Вавилон и Башня — страница 75 из 100

Потом почему-то вспомнил грудь своей первой жены, Лены. После всей этой страшной и холодной жизни в тайге хотелось какой-то теплоты, что ли… Чего-то такого мягкого, обволакивающе-нежного. Это как раз было у Лены. Тогда я поразился, как поролон бюстгальтера сильно врезался в ее грудь. Подумал, что бюстгальтер просто меньшего размера, чем нужно. Но когда она его сняла, то я увидел огромную мясисто-молочную грудь. И еще эти, еле различимые, синие прожилки, выступающие из-под светлой прозрачной кожи… как будто именно они сдерживали эту мясисто-молочную плоть. Как будто именно они скрепляют ее, пока могут. Правда, вот-вот наступит момент… и даже эти крепкие упругие вены не выдержат. Рыхлая, колышущаяся плоть прорвется сквозь них. Жуткая плоть, смесь жира и мяса, будет проходить сквозь них, в насмешку обволакивая их острые твердые переплетения…

«Вот, ужас! – понял я. – Это и есть наш мир. Жуткая, уродливая, но при этом такая живучая смесь из черных жестких стеблей и жирных тыкв, распухающих, разрастающихся. Со временем огромных и еще более жутких, чем черные стебли. Потому что, стоит им лопнуть, стоит им растечься своей клейкой отравой на все вокруг, как даже черные стебли не выдержат. Они поддадутся, их затопит. Страшная, всепоглощающая масса затопит всю землю и стебли тоже. Все заполнит эта безвольная, абсолютно пластичная масса, напоминающая смесь жира и мясного сока. Фу… какая гадость!»

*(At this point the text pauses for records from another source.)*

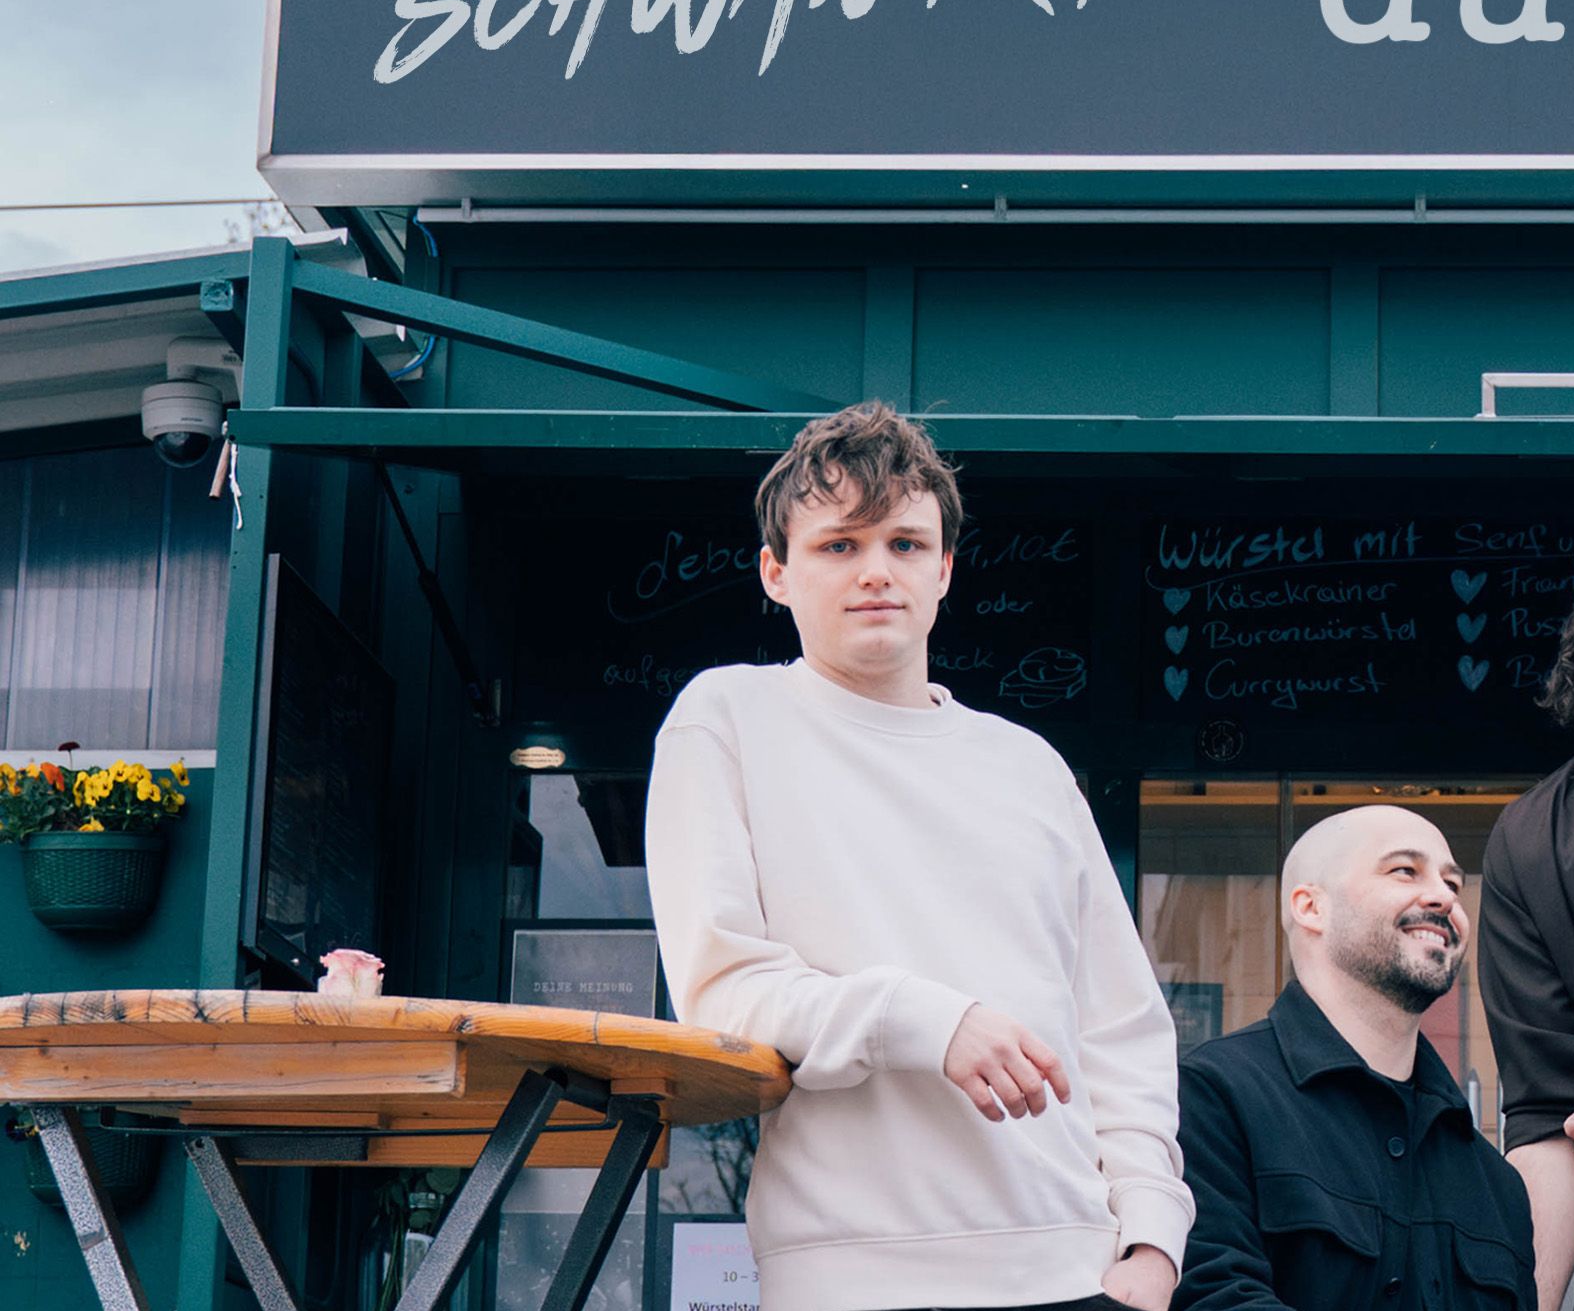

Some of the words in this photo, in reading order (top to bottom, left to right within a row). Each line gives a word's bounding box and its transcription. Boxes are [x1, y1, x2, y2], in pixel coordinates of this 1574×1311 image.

[1159, 524, 1325, 570] Würstel
[1353, 520, 1424, 560] mit
[1455, 522, 1547, 558] Senf
[976, 591, 1034, 615] oder
[1206, 579, 1401, 612] Käsekrainer
[1201, 611, 1417, 649] Burenwürstel
[1205, 658, 1391, 710] Currywurst
[723, 1271, 738, 1283] 10

Когда я все это представил, меня затрясло, замутило и чуть не вырвало.

Словно я сидел на одном из таких черных стеблей, сильно раскачиваясь от потока жирной массы, всматривался куда-то вдаль. Хотя всматриваться было совершенно некуда, везде и всюду, до самого горизонта, все уже затопила жирная масса.

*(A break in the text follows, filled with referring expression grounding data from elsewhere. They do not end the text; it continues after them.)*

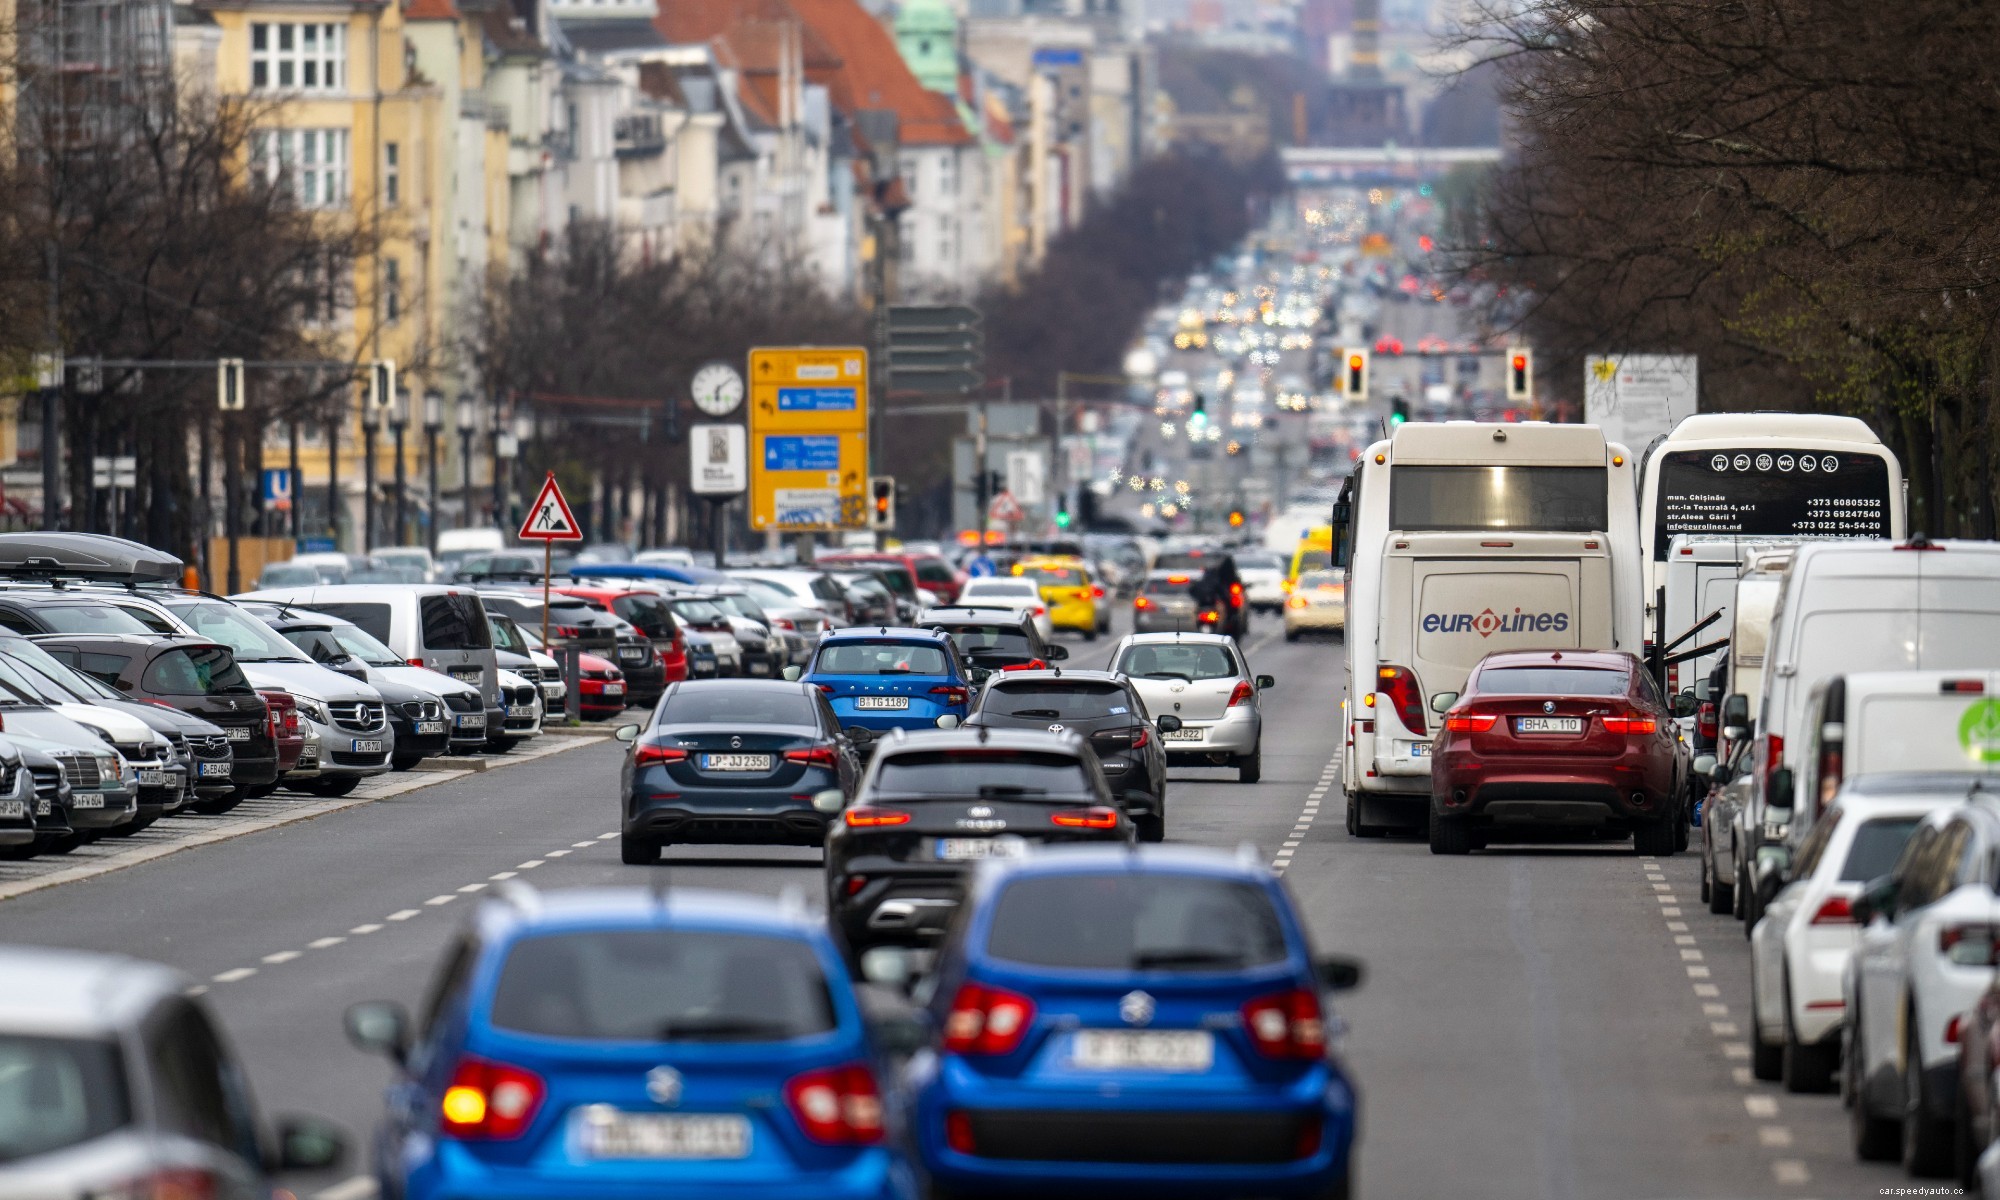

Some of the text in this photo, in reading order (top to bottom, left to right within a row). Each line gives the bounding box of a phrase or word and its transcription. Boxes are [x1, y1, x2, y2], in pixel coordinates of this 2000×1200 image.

[271, 470, 291, 498] U
[1833, 499, 1881, 507] 60805352
[1807, 510, 1881, 518] +373 69247540
[1667, 523, 1742, 531] info@eurolines.md
[1792, 521, 1881, 529] +373 022 54-54-20
[859, 697, 908, 707] B TG 1189
[1524, 719, 1577, 730] BHA 110
[1170, 730, 1182, 738] RJ
[1184, 730, 1199, 738] 822
[709, 754, 769, 766] LP JJ 2358

«Так неужели Лена сильнее, чем Лида?! – подумал я, почему-то противопоставляя черные стебли Лиды и молочно-мясные тыквы Лены. – Быть не может!»

Раньше я был уверен, что Лида – самая сильная женщина из тех, что я встречал. Волевая, какая-то «упругая», в меру отчаянная. Этакий Чингисхан в юбке.

А теперь?! Как же я буду думать о стройной и «звонкой» Лиде, когда «мясистая» Лена так просто поглотила ее?!

В это время джунгли Лидиных волос все сильнее колыхались. Я сидел, цепляясь за черный колос, толком не зная, что с этим делать, потому что жирная кровяная масса затапливала, подступала все выше и выше.

– Борисыч! Борисыч! – кто-то позвал.

– Чего?

– Давай, давай… – что-то невнятное произнес голос.

– Чего давай?!

– Того, того…

Я переместился выше, как только мог, на самую верхушку черного колоса, закачался на нем в каком-то боевом темпе. Словно звал кого-то.

Наконец сверху появился… то ли самолет, то ли еще что… абсолютно белого цвета, будто слепленный из первого снега или из чего-то такого совсем чистого. Главное же, что этот «самолет» начал поливать такой же белой-белой, как и он сам, пеной все вокруг. Много, обильно, заливая до краев самые высокие стебли Лидиных волос. Белая пена съедала жирно-мясной сок, который все затапливал. Даже не просто съедала, а превращала во что-то твердое, недвижимое. Так, чтобы больше нельзя было растопить, пустить в ход эту гадость.

«Ага! – обрадовался я. – Вот он, тот самый момент!» Я спрыгнул с черного колоса. Не знаю зачем, не знаю куда, но спрыгнул. Точно был уверен, что так и нужно.

«Абсолютно великим», – опять услышал я голос своей умирающей на подводах бабушки.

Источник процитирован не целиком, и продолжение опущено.